*WORK ITEM:*
Leaving out the pictures, reproduce each record exactly and in full.

*PROVIDED RECORDS:*
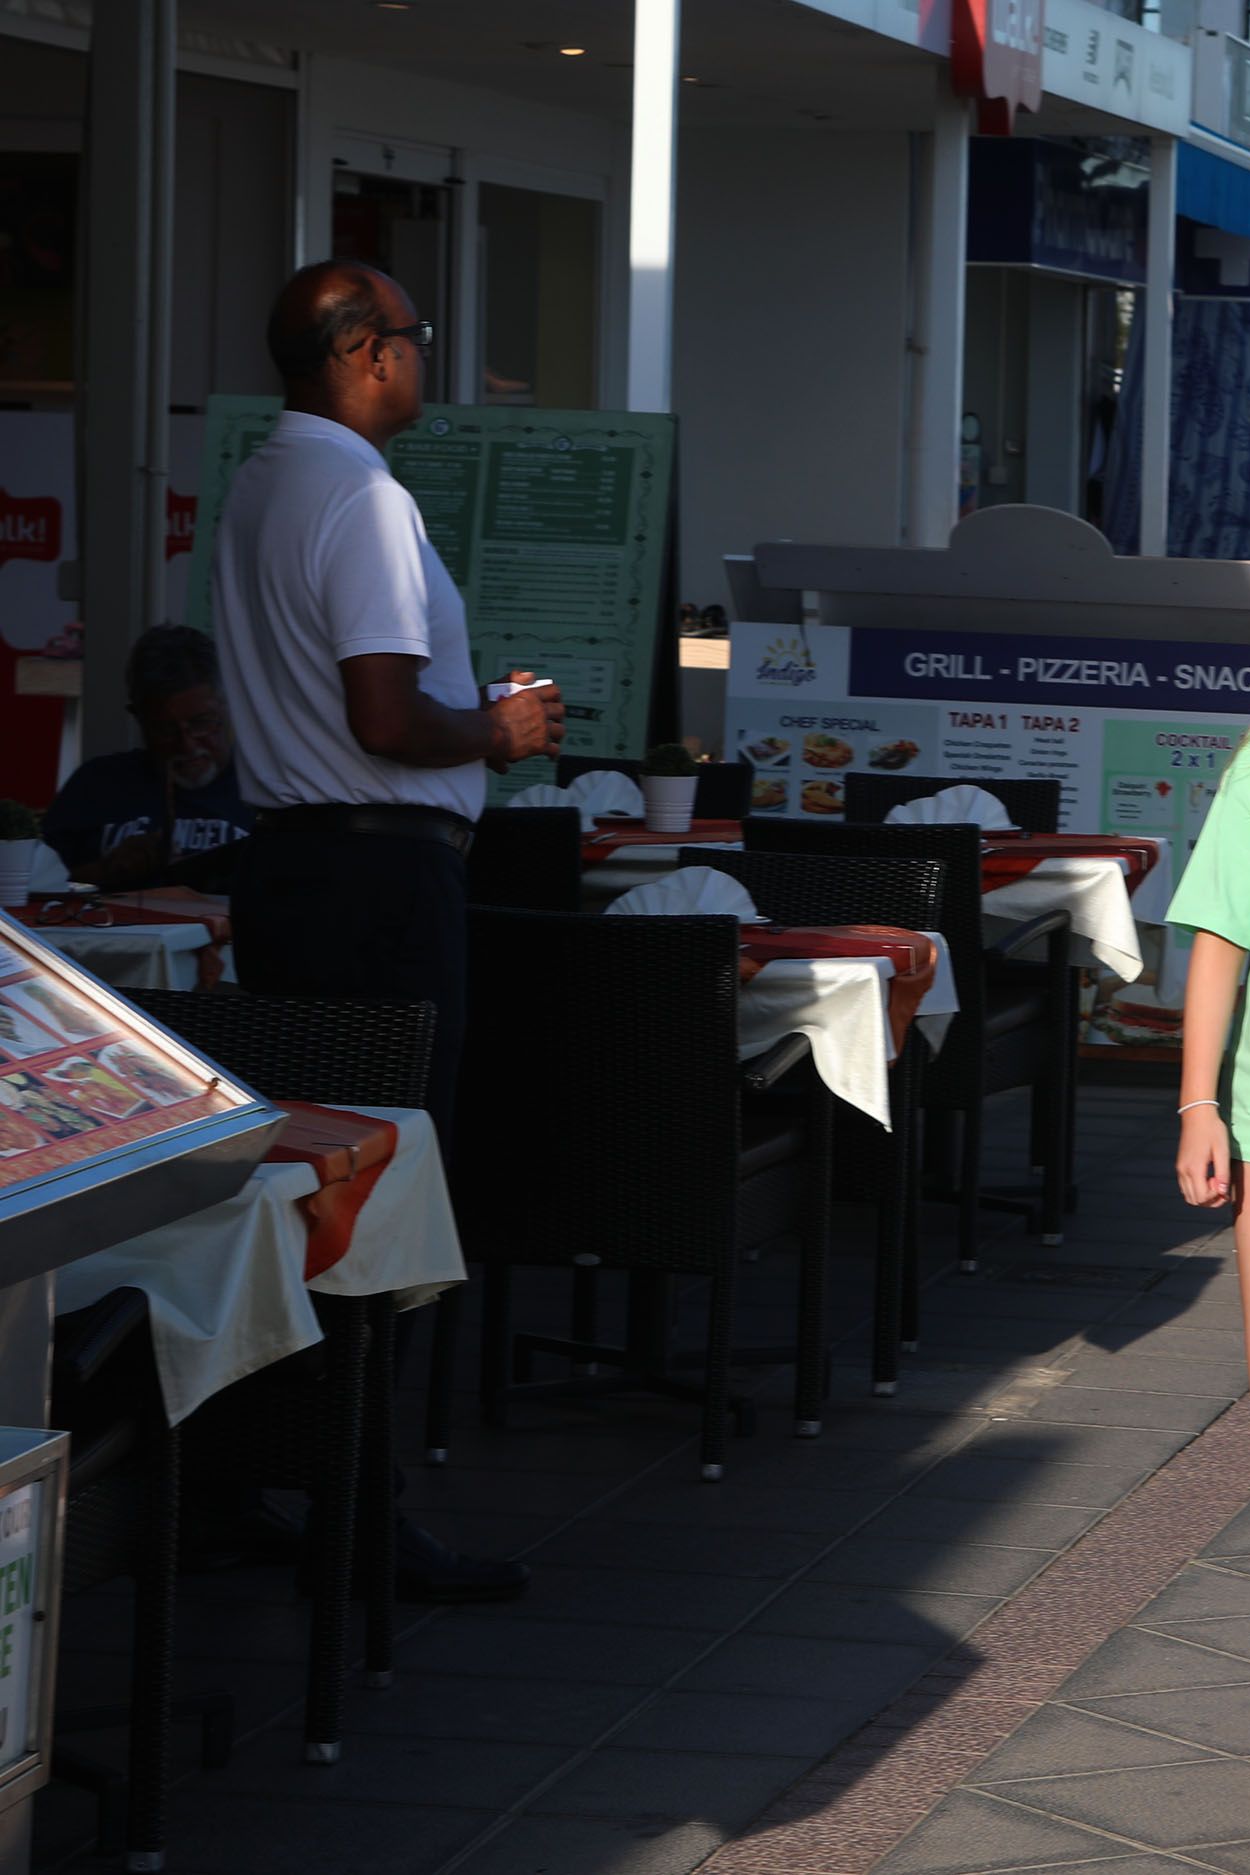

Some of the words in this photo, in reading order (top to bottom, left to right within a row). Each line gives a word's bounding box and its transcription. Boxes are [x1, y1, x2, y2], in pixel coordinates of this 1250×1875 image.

[905, 652, 992, 681] GRILL
[1018, 656, 1151, 688] PIZZERIA
[779, 715, 818, 729] CHEF
[820, 716, 881, 732] SPECIAL
[948, 711, 995, 730] TAPA
[998, 715, 1008, 730] 1
[1021, 715, 1066, 732] TAPA
[1068, 718, 1081, 733] 2
[1155, 733, 1233, 750] COCKTAIL
[1170, 750, 1182, 767] 2
[1187, 754, 1200, 768] x
[1206, 753, 1216, 768] 1
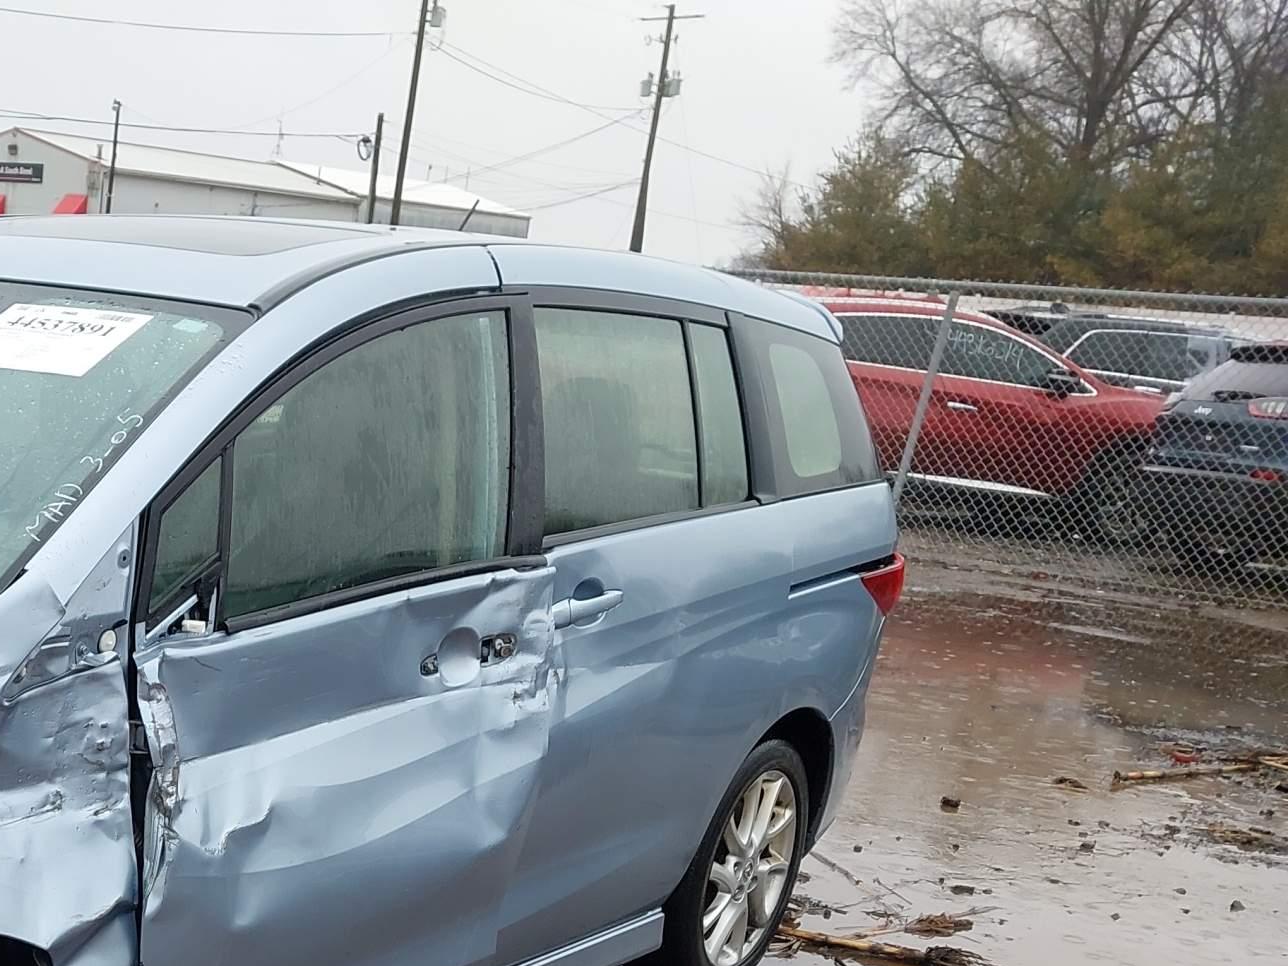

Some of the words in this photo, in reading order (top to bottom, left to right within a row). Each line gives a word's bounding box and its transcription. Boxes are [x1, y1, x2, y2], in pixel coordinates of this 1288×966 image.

[8, 315, 117, 337] 44537891
[25, 483, 83, 542] MAD
[80, 408, 144, 473] 3-05
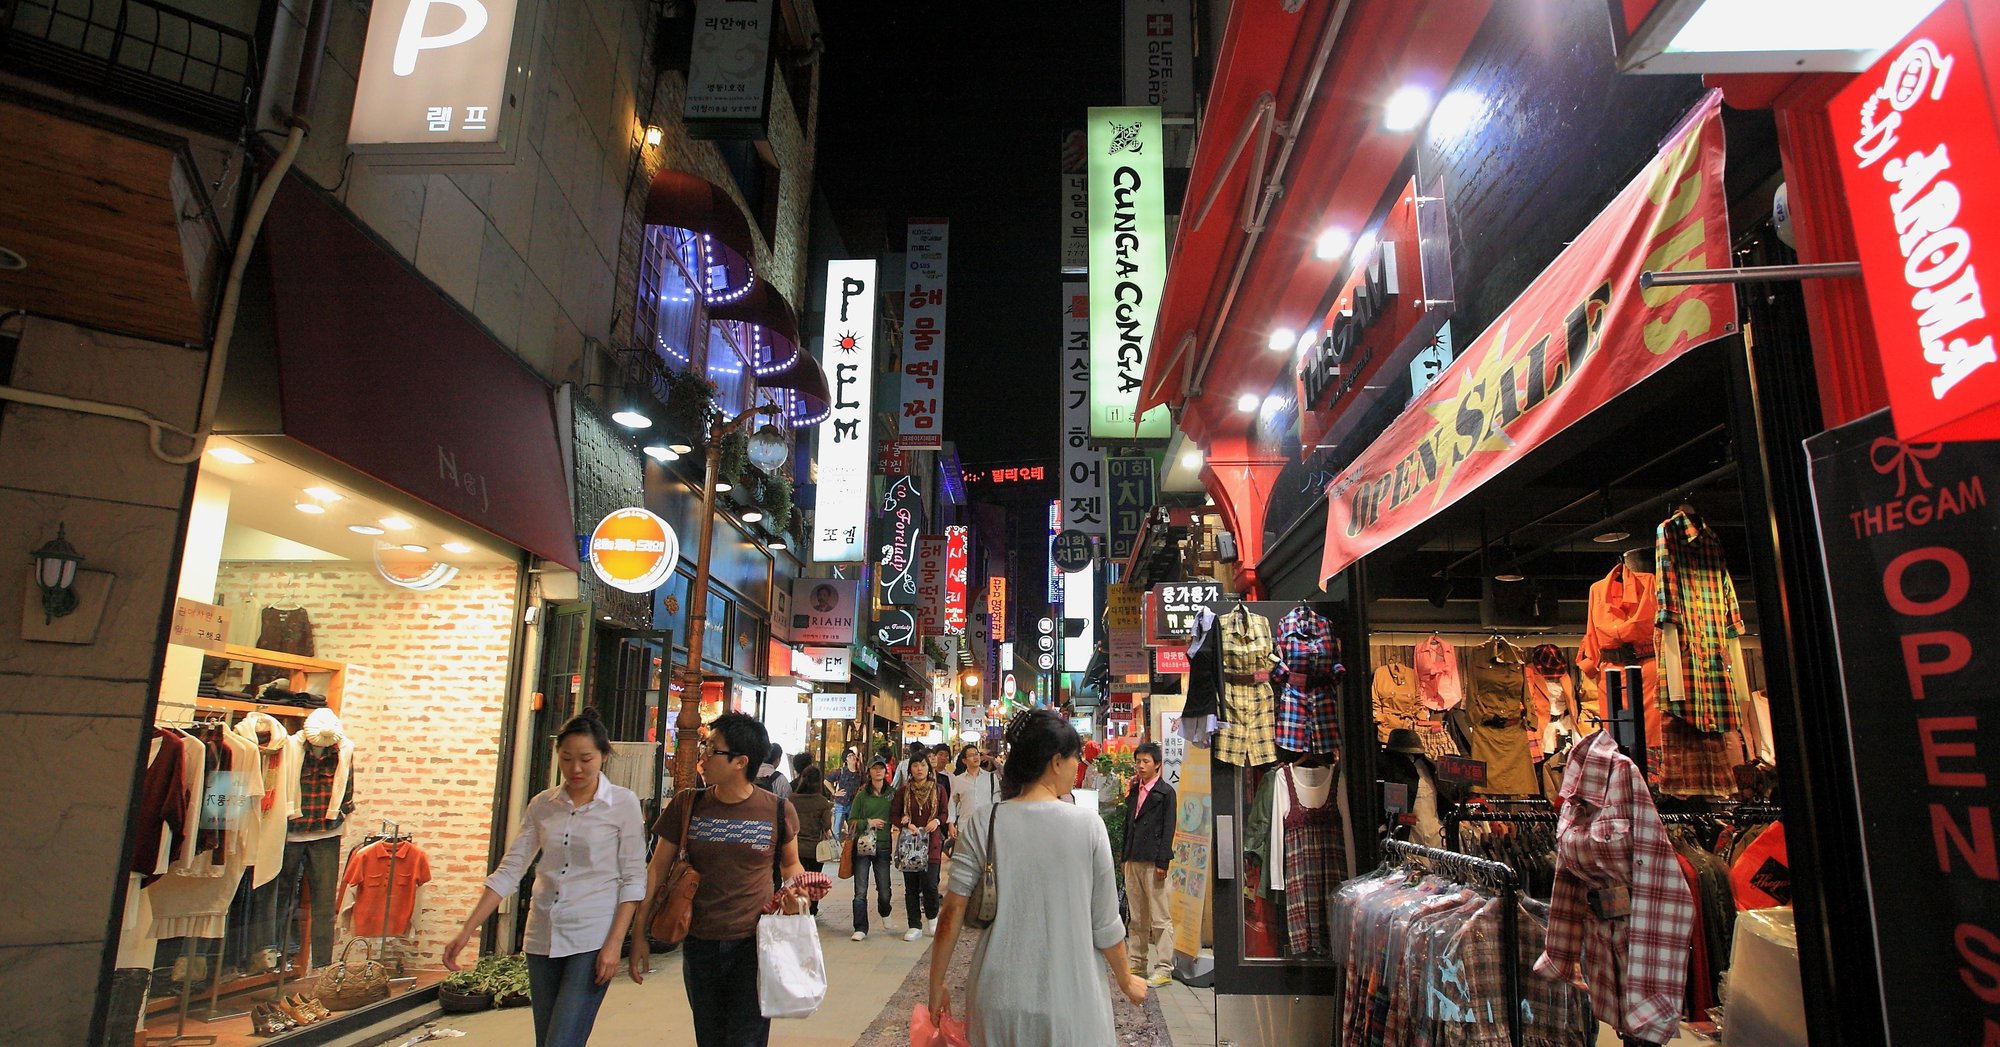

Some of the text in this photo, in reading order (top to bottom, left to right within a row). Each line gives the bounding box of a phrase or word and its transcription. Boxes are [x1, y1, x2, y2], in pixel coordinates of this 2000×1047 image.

[393, 0, 488, 76] P
[705, 17, 758, 30] 리안헤어
[1148, 41, 1160, 105] GUARD
[1161, 41, 1173, 79] LIFE
[426, 106, 488, 131] 램프
[1882, 142, 1998, 400] AROMA
[1301, 240, 1399, 411] THEGAM
[904, 284, 943, 429] 해물떡찜
[1344, 278, 1614, 537] OPEN SALE
[1111, 461, 1149, 477] 이화
[1849, 475, 1987, 540] THEGAM
[823, 526, 857, 544] 포엠
[890, 508, 911, 572] Forelady
[1056, 548, 1089, 562] 치과
[1057, 536, 1086, 547] 이화
[918, 540, 942, 625] 해물떡찜
[993, 579, 1001, 597] DVD
[197, 629, 222, 641] 구해요
[811, 617, 851, 627] RIAHN
[1882, 546, 2000, 881] OPEN
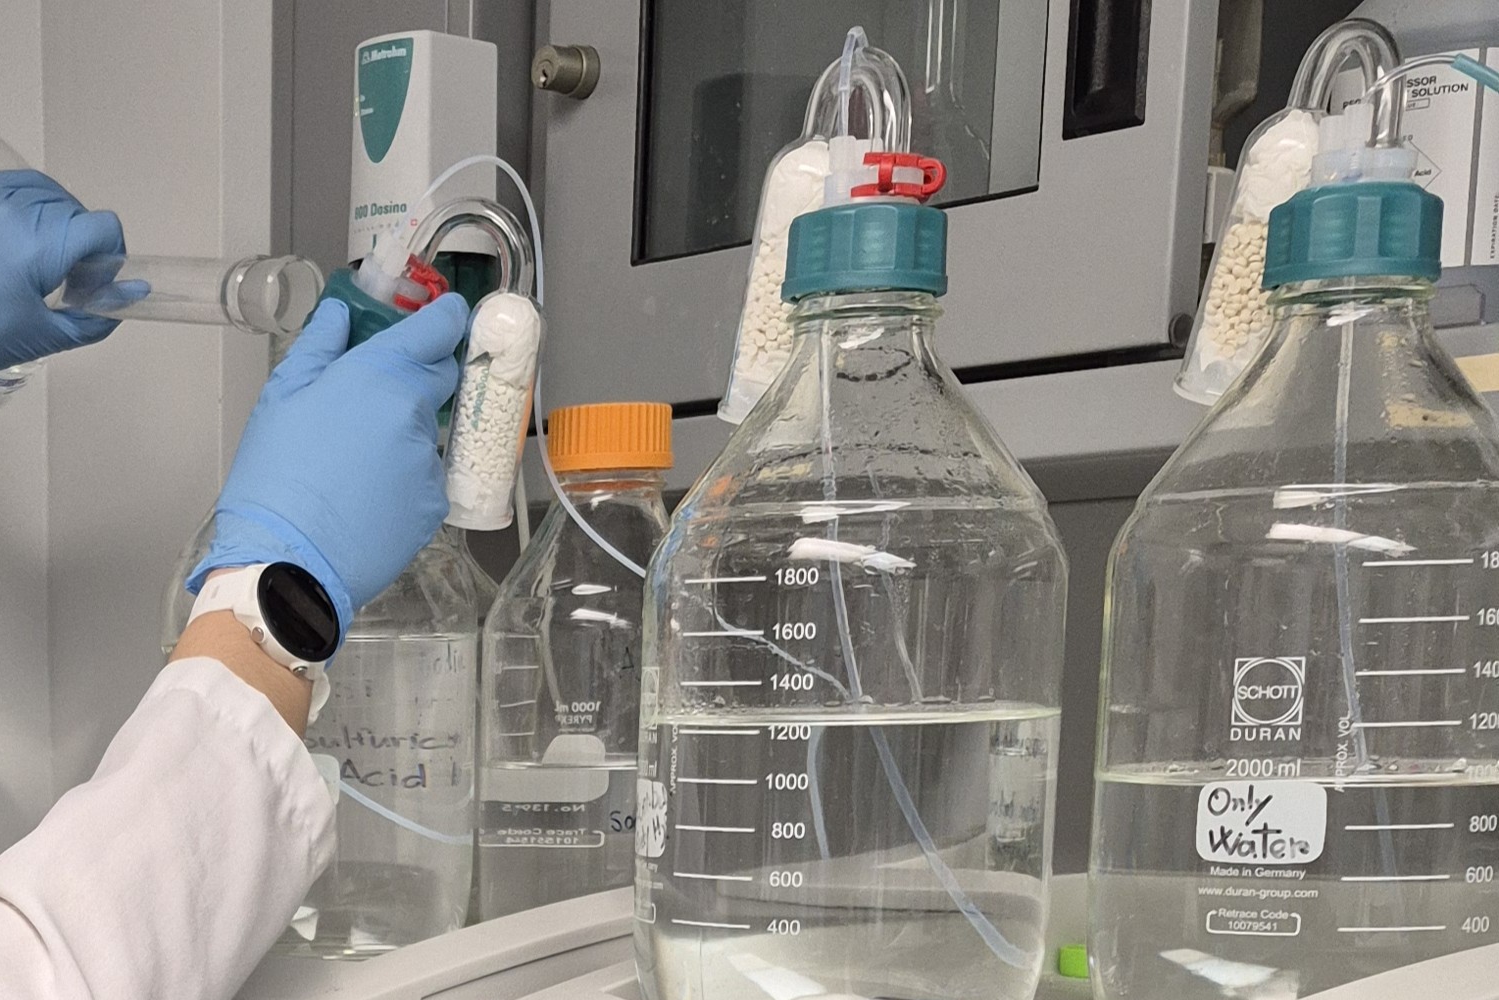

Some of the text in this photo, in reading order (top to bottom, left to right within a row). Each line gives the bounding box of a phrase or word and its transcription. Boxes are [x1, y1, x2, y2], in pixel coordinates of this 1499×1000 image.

[1406, 76, 1437, 88] SSOR
[1411, 83, 1469, 98] SOLUTION
[370, 202, 407, 217] Dosino
[1480, 550, 1499, 569] 18
[774, 567, 819, 586] 1800
[772, 622, 817, 640] 1600
[1473, 660, 1499, 678] 140
[770, 673, 814, 691] 1400
[1237, 685, 1298, 700] SCHOTT
[767, 724, 812, 741] 1200
[1230, 727, 1301, 741] DURAN
[339, 758, 427, 788] Acid
[1225, 758, 1301, 777] 2000 ml
[765, 773, 809, 790] 1000
[1207, 784, 1273, 826] Only
[771, 822, 806, 839] 800
[1469, 814, 1498, 833] 800
[1208, 822, 1311, 859] Water
[769, 871, 804, 888] 600
[1210, 866, 1306, 880] Made in Germany
[1465, 865, 1494, 884] 600
[1198, 886, 1319, 900] www.duran-group.com
[1218, 908, 1290, 920] Retrace Code
[767, 919, 801, 936] 400
[1227, 920, 1278, 932] 10079541
[1461, 916, 1490, 933] 400
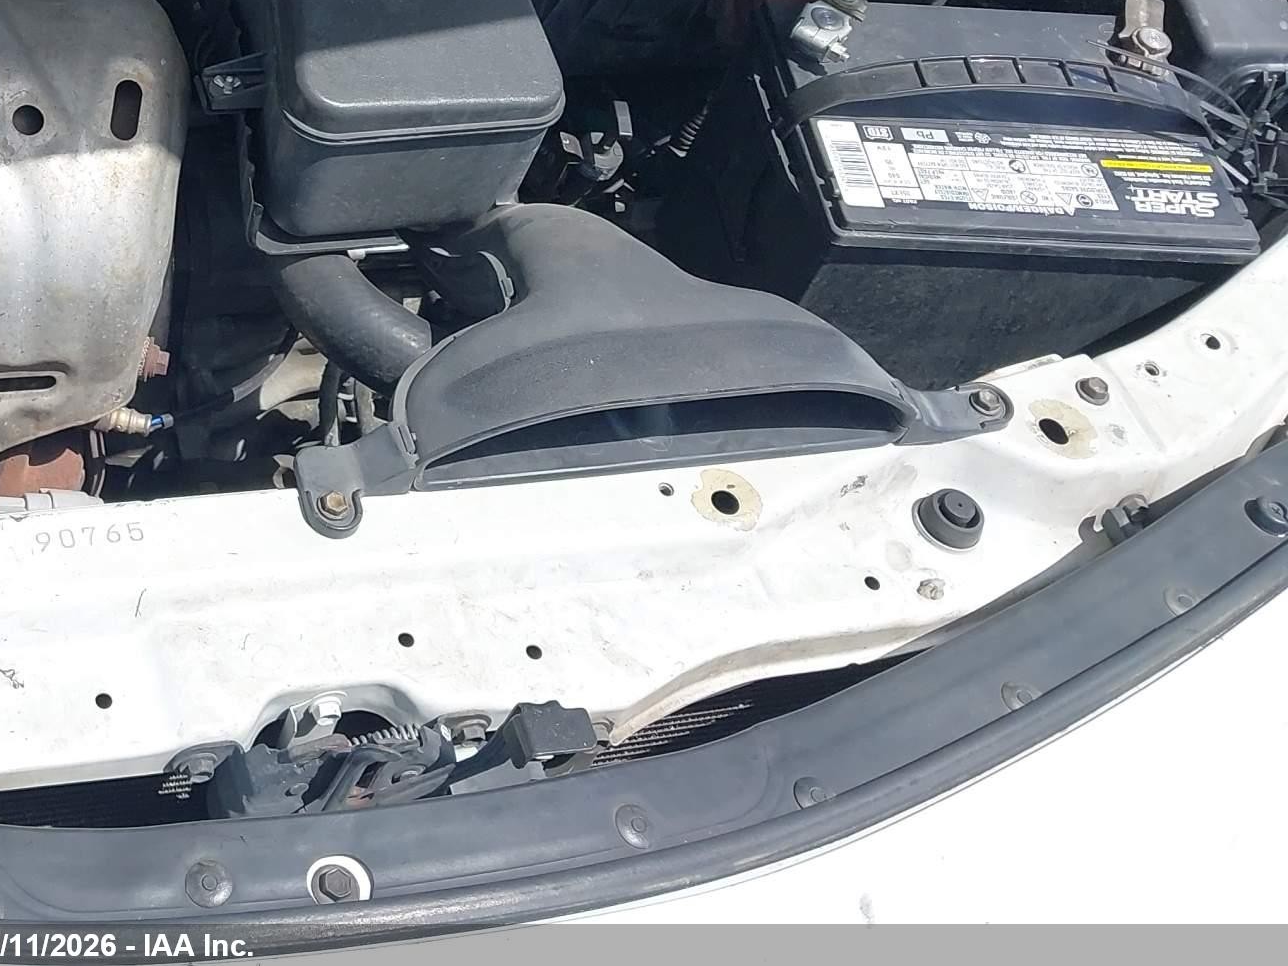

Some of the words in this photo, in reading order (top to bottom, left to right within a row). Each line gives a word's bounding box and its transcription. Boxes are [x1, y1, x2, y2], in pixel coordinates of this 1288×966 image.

[1126, 189, 1220, 207] START
[1133, 201, 1216, 219] SUPER
[34, 521, 145, 554] 90765

*YOUR RESPONSE:*
Some of the words in this photo, in reading order (top to bottom, left to right within a row). Each line gives a word's bounding box and its transcription. Boxes are [x1, y1, x2, y2], in pixel coordinates of this 1250×1875 image.

[905, 652, 992, 681] GRILL
[1018, 656, 1151, 688] PIZZERIA
[779, 715, 818, 729] CHEF
[820, 716, 881, 732] SPECIAL
[948, 711, 995, 730] TAPA
[998, 715, 1008, 730] 1
[1021, 715, 1066, 732] TAPA
[1068, 718, 1081, 733] 2
[1155, 733, 1233, 750] COCKTAIL
[1170, 750, 1182, 767] 2
[1187, 754, 1200, 768] x
[1206, 753, 1216, 768] 1

Some of the words in this photo, in reading order (top to bottom, left to right within a row). Each line gives a word's bounding box and its transcription. Boxes are [x1, y1, x2, y2], in pixel coordinates of this 1288×966 image.

[8, 315, 117, 337] 44537891
[25, 483, 83, 542] MAD
[80, 408, 144, 473] 3-05

Some of the text in this photo, in reading order (top to bottom, left to right within a row). Each line gives the bounding box of a phrase or word and its transcription. Boxes are [x1, y1, x2, y2], in pixel coordinates of this 2000×1047 image.

[393, 0, 488, 76] P
[705, 17, 758, 30] 리안헤어
[1148, 41, 1160, 105] GUARD
[1161, 41, 1173, 79] LIFE
[426, 106, 488, 131] 램프
[1882, 142, 1998, 400] AROMA
[1301, 240, 1399, 411] THEGAM
[904, 284, 943, 429] 해물떡찜
[1344, 278, 1614, 537] OPEN SALE
[1111, 461, 1149, 477] 이화
[1849, 475, 1987, 540] THEGAM
[823, 526, 857, 544] 포엠
[890, 508, 911, 572] Forelady
[1056, 548, 1089, 562] 치과
[1057, 536, 1086, 547] 이화
[918, 540, 942, 625] 해물떡찜
[993, 579, 1001, 597] DVD
[197, 629, 222, 641] 구해요
[811, 617, 851, 627] RIAHN
[1882, 546, 2000, 881] OPEN

Some of the text in this photo, in reading order (top to bottom, left to right within a row). Each line gives the bounding box of a phrase or word and its transcription. Boxes are [x1, y1, x2, y2], in pixel coordinates of this 1499×1000 image.

[1406, 76, 1437, 88] SSOR
[1411, 83, 1469, 98] SOLUTION
[370, 202, 407, 217] Dosino
[1480, 550, 1499, 569] 18
[774, 567, 819, 586] 1800
[772, 622, 817, 640] 1600
[1473, 660, 1499, 678] 140
[770, 673, 814, 691] 1400
[1237, 685, 1298, 700] SCHOTT
[767, 724, 812, 741] 1200
[1230, 727, 1301, 741] DURAN
[339, 758, 427, 788] Acid
[1225, 758, 1301, 777] 2000 ml
[765, 773, 809, 790] 1000
[1207, 784, 1273, 826] Only
[771, 822, 806, 839] 800
[1469, 814, 1498, 833] 800
[1208, 822, 1311, 859] Water
[769, 871, 804, 888] 600
[1210, 866, 1306, 880] Made in Germany
[1465, 865, 1494, 884] 600
[1198, 886, 1319, 900] www.duran-group.com
[1218, 908, 1290, 920] Retrace Code
[767, 919, 801, 936] 400
[1227, 920, 1278, 932] 10079541
[1461, 916, 1490, 933] 400

Some of the words in this photo, in reading order (top to bottom, left to right within a row). Each line gives a word's bounding box and its transcription. Boxes are [x1, y1, x2, y2], in pixel coordinates of this 1288×966 image.

[1126, 189, 1220, 207] START
[1133, 201, 1216, 219] SUPER
[34, 521, 145, 554] 90765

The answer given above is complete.